Par commandement de commissaire de justice du 30 septembre 2024, [G] a fait signifier un courrier à [I] [V] le mettant en demeure de payer un arriéré de redevances d’un montant de 2 682,16 € arrêté au 18 septembre 2024, et cela en visant l’article 11 du contrat de résidence qui stipule qu’à défaut de règlement dans le délai d’un mois après la date de notification de ce courrier, la résiliation du contrat sera acquise.
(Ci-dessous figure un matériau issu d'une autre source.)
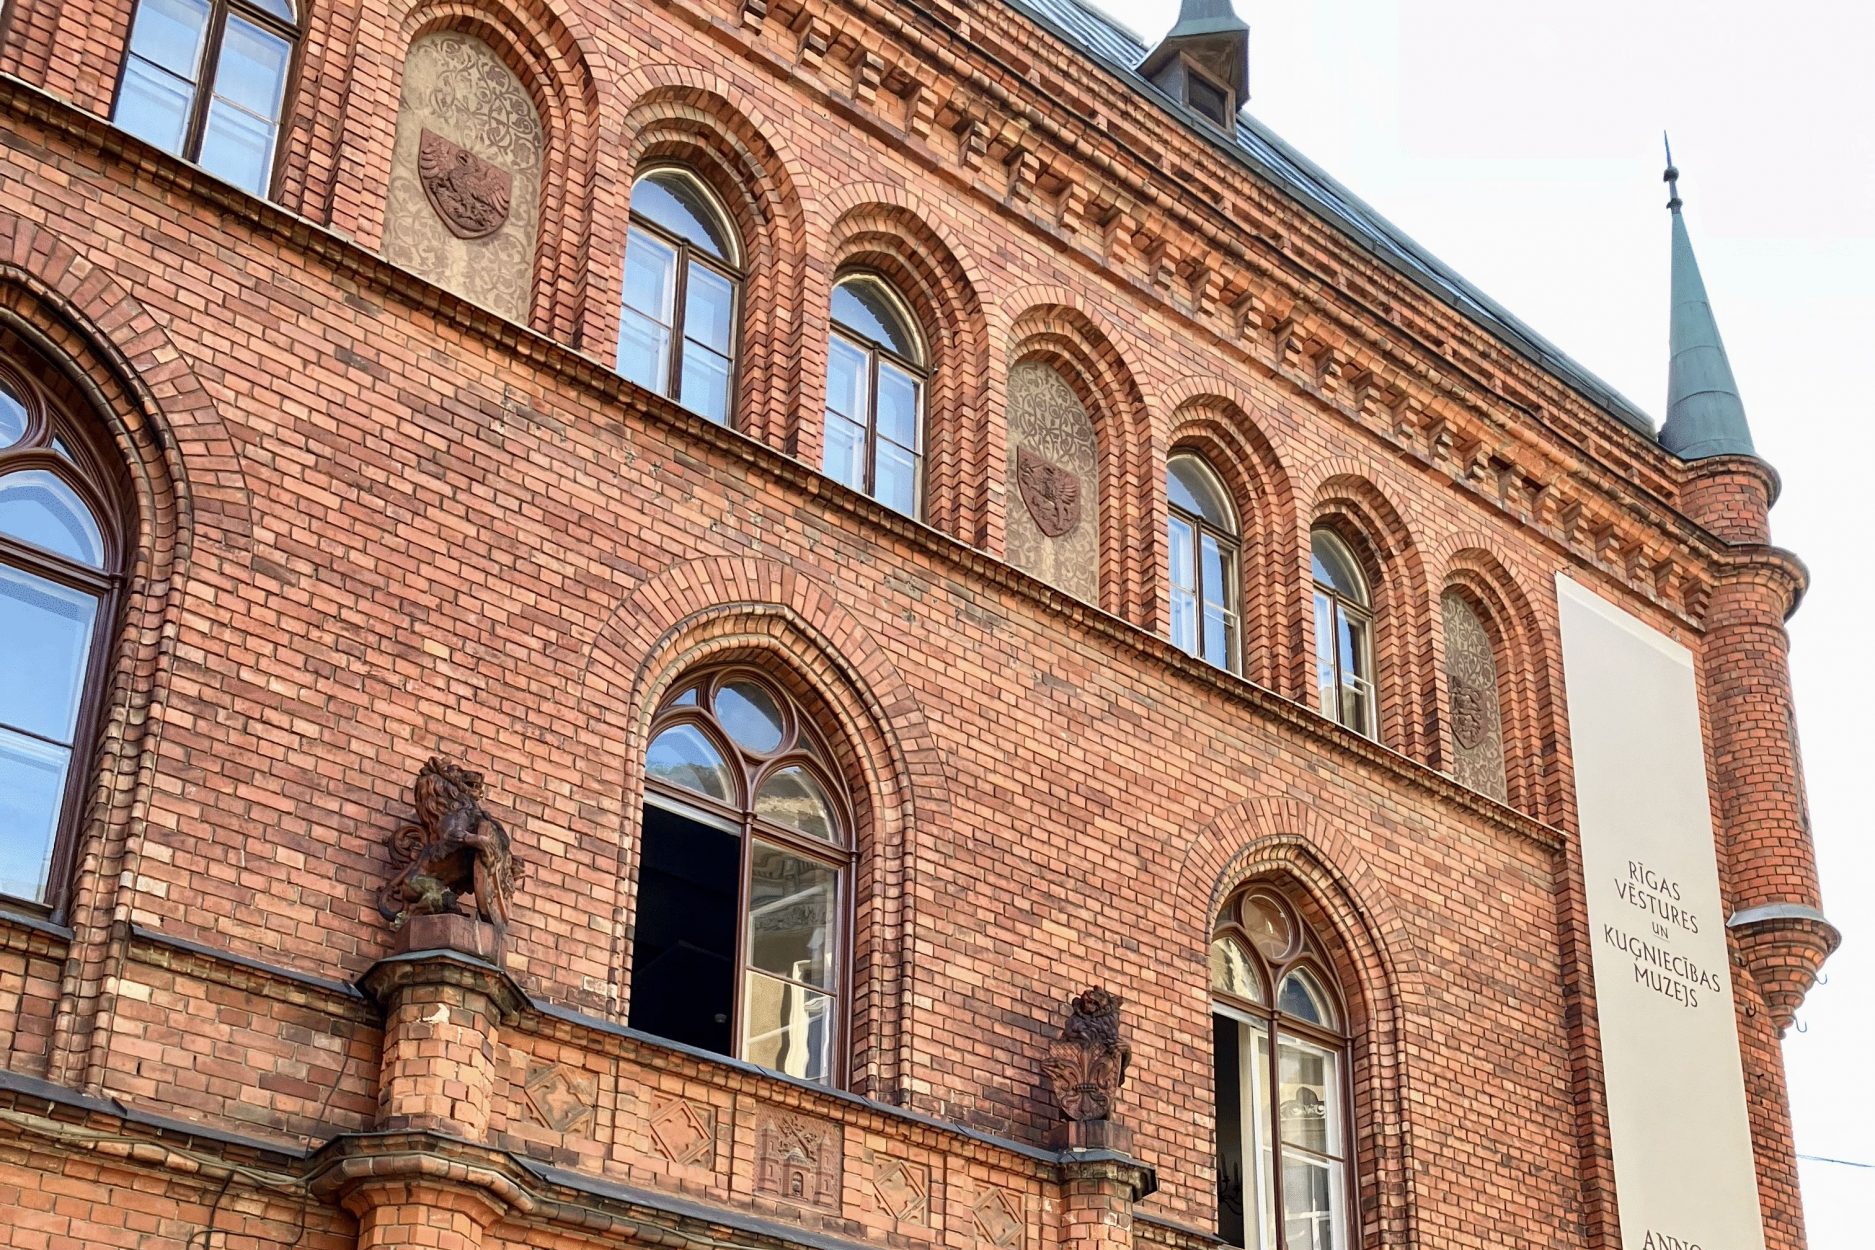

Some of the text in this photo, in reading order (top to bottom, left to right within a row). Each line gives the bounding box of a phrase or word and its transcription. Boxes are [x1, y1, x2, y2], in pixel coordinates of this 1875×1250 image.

Par acte de commissaire de justice en date du 15 janvier 2025, [G] a fait assigner [I] [V] devant le juge des contentieux de la protection affecté au tribunal judiciaire de Nantes aux fins de :
· Constater qu'[G] a signifié en date du 30 septembre 2024 à [I] [V] une mise en demeure visant la clause résolutoire prévue au contrat de résidence, lui rappelant le montant de ses arriérés de redevances ;
· Constater que cette mise en demeure est restée sans effet ;
· Constater l’acquisition de la clause résolutoire de l’article 11 du contrat de résidence, à compter du 31 octobre 2024 ;
· Ordonner l’expulsion sans délai du locataire ainsi que de tout occupant de son chef, si besoin est, avec l’assistance de la force publique et d’un serrurier ;
· Juger que la créance d'[G] à l’encontre de [I] [V] s’établit à la hauteur d’une somme de 3 657,33 € pour les redevances dues jusqu’au 28 novembre 2024;
· Condamner [I] [V] au paiement au profit d'[G] de la somme de 3 657,33 € ;
· Fixer l’indemnité d’occupation due à compter du 31 octobre 2024, date d’acquisition de la clause résolutoire, sur la base de la redevance mensuelle due, et ce jusqu’au jour du départ effectif des lieux et condamner [I] [V] au paiement de cette somme ;
· Juger qu’il serait inéquitable de laisser à la charge d'[G] la partie des frais non compris dans les dépens d’un montant de 600 € au titre de l’article 700 du code de procédure civile ;
· Condamner le locataire au paiement au profit d'[G] de la somme de 600 € au titre de l’article 700 du code de procédure civile, outre les entiers dépens de la présente procédure ;
· Dire n’y avoir lieu à écarter l’exécution provisoire de la décision à intervenir.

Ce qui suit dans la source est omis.